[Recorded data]
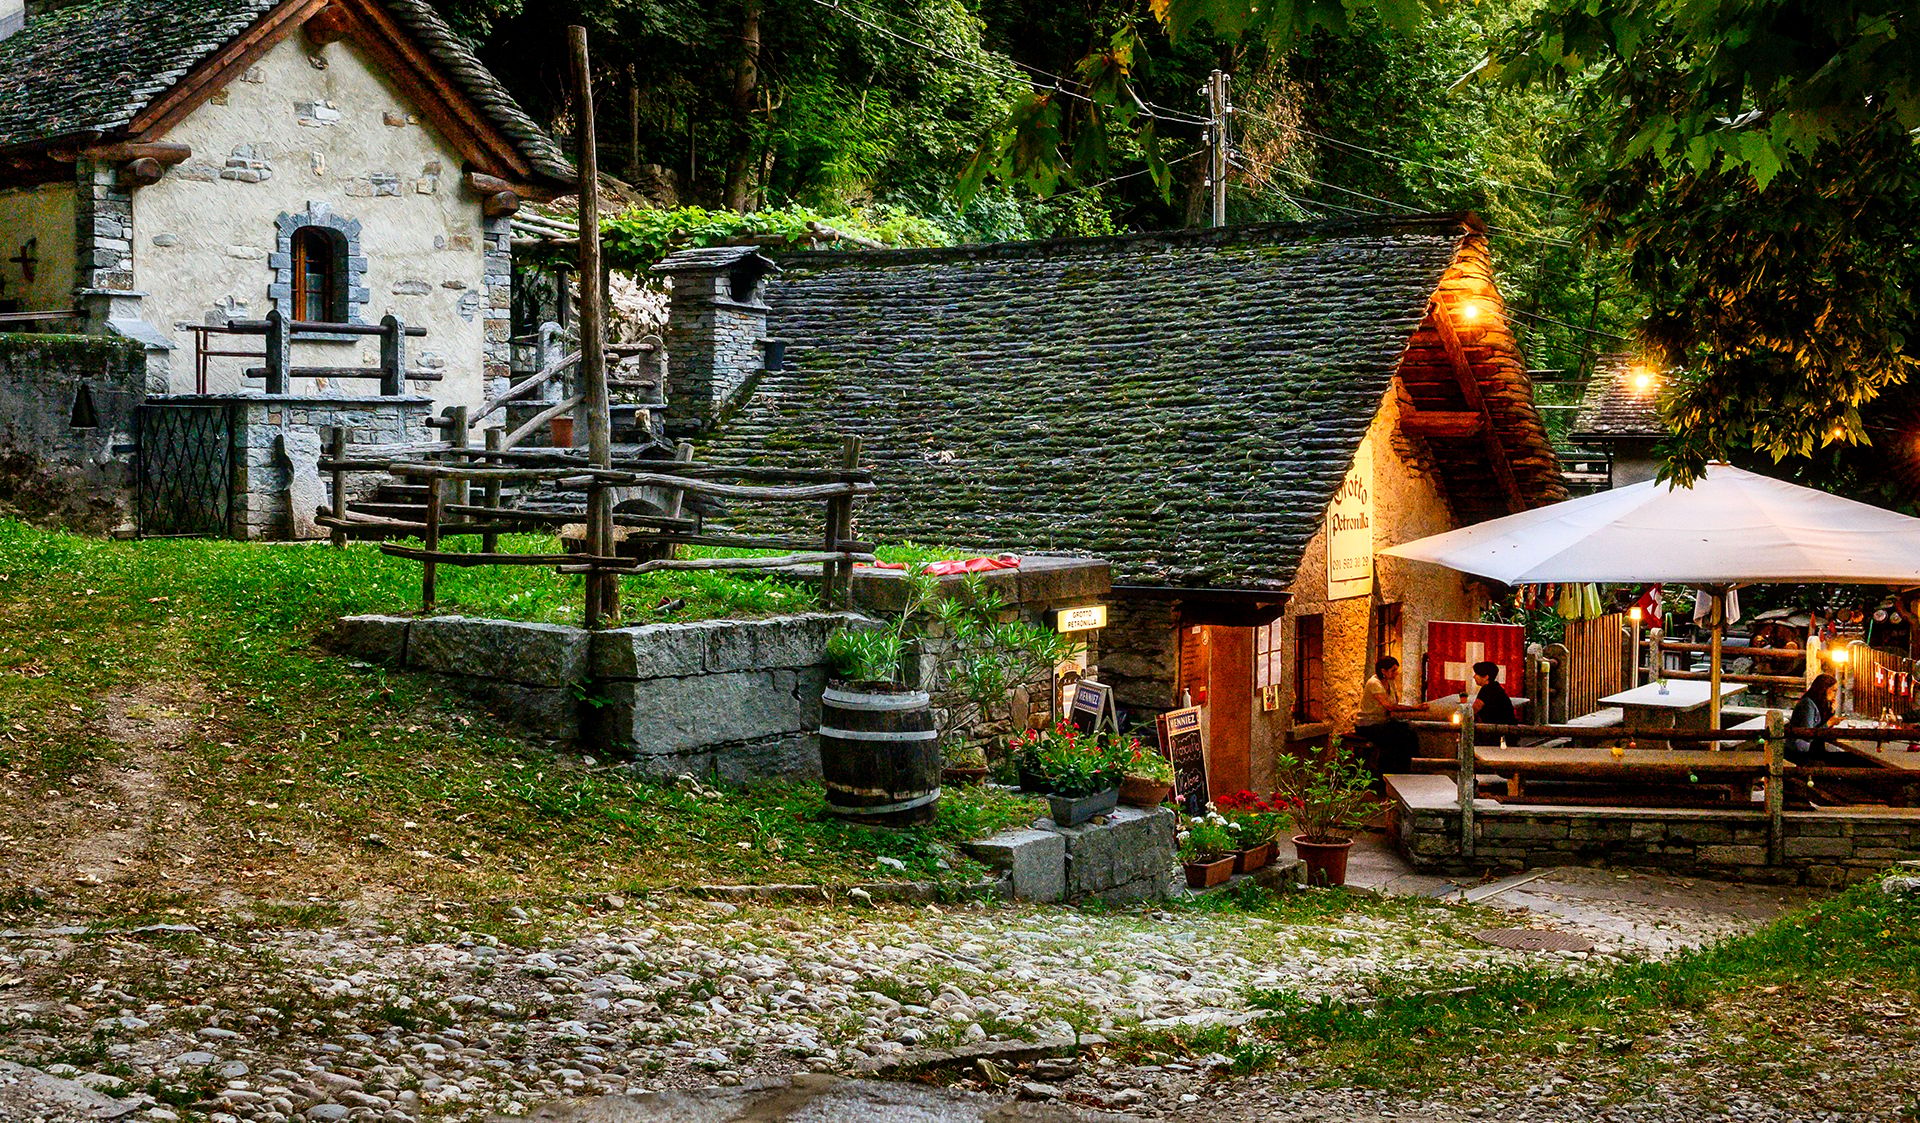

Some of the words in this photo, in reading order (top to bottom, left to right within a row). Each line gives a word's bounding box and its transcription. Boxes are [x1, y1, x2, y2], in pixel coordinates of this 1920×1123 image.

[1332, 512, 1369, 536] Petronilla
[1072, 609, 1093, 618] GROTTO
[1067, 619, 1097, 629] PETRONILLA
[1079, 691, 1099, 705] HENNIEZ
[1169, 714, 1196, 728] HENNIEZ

**What you need to do**. What is needed here is an exact copy of all the entries, without the pictures.

**Answer to this problem**.
Some of the words in this photo, in reading order (top to bottom, left to right within a row). Each line gives a word's bounding box and its transcription. Boxes are [x1, y1, x2, y2], in pixel coordinates of this 1920×1123 image.

[1332, 512, 1369, 536] Petronilla
[1072, 609, 1093, 618] GROTTO
[1067, 619, 1097, 629] PETRONILLA
[1079, 691, 1099, 705] HENNIEZ
[1169, 714, 1196, 728] HENNIEZ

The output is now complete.